How teams hit it. LangGraph’s default behavior on resume is to replay nodes, including the tool calls that ran before the pause. The path-of-least-resistance is that agent code does not classify tool side effects — every tool is treated as a pure function until proven otherwise — and the replay treats send_email, charge_card, and regex_search identically [ai-gs2026]. The instance fix is “wrap send_email in an idempotency key.” The class fix is the one missing from most harnesses.

Cheap fix. A replay_class taxonomy declared at tool registration — the source names unsafe_on_replay as the hard-throw tier; a typical implementation pairs it with a pure tier for freely-replayable tools and an idempotent_with_key tier that dedupes through a tool_call_results cache the harness consults before every replayed call [ai-gs2026]. The taxonomy is enforced at registration time; unsafe_on_replay tools throw hard if the cache does not contain a stored result for the prior call, forcing the resume path to short-circuit to the cached value rather than re-fire the side effect. The chapter on replay safety (Ch05) makes this the load-bearing mechanism behind “stop redundant work.” Without it, every HITL pause is an audit-log incident waiting to happen.

Takeaway: Declare replay_class at registration; cache tool_call_results; let unsafe_on_replay throw hard. The default of “every tool is pure” is the trap; classification-plus-cache is the plumbing.

Pitfall 3 — Same-Family LLM Judge Inflates Pass Rate 5–10pp

Symptom. The eval gate reports a 95% pass rate; the change ships; the agent regresses on real traffic. Investigation surfaces that the judge was Claude-Opus and the agent was Claude-Sonnet — same family, same training distribution, same blind spots [ai-gs2026]. The judge’s perplexity on the agent’s outputs is systematically lower than its perplexity on outputs from other families, and that perplexity gap shows up as a 5–10-percentage-point pass-rate inflation [ai-gs2026].

How teams hit it. Default eval setups use whichever closed model the team has a contract for, and same-vendor judging is the path of least resistance — one API key, one rate-limit pool, one provider on-call. The seductive default is “use a strong model from the vendor we trust” without specifying the family discipline. Source for the inflation magnitude: arxiv 2410.21819 [ai-gs2026]. The mechanism is silent self-preference — the judge family rewards the surface patterns its own training distribution favors, and the agent family produces exactly those patterns.

Cheap fix.
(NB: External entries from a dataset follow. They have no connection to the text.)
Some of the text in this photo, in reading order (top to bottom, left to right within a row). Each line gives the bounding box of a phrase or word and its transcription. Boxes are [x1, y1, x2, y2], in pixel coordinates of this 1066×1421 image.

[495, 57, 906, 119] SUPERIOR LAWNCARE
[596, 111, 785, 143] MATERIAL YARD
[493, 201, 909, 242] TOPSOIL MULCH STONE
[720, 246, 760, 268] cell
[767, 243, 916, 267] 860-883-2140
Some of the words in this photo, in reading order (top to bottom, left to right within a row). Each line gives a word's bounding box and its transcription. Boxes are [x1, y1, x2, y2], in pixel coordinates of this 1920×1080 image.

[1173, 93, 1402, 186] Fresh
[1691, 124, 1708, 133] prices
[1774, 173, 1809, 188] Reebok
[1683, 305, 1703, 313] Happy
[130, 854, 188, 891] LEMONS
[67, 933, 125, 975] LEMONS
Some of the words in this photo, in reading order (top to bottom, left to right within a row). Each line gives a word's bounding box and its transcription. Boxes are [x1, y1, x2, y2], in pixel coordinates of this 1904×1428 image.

Enforce cross-family judging at the routing layer, not at the gate layer [ai-gs2026]. The task_class=judge routing rule on I12 ModelRouter MUST select a family different from the agent’s current binding; I5 EvalGate verifies the family at every run as INV-3 [ai-gs2026]. Routing-layer enforcement is what makes the rule survive model swaps — when the team changes the agent’s model next quarter, the judge selection re-routes automatically rather than silently collapsing into the new family.

Takeaway: Same-family judging inflates 5–10pp via silent self-preference (arxiv 2410.21819). The fix is a routing rule, not a guideline — task_class=judge routes off-family at I12, verified by I5 INV-3.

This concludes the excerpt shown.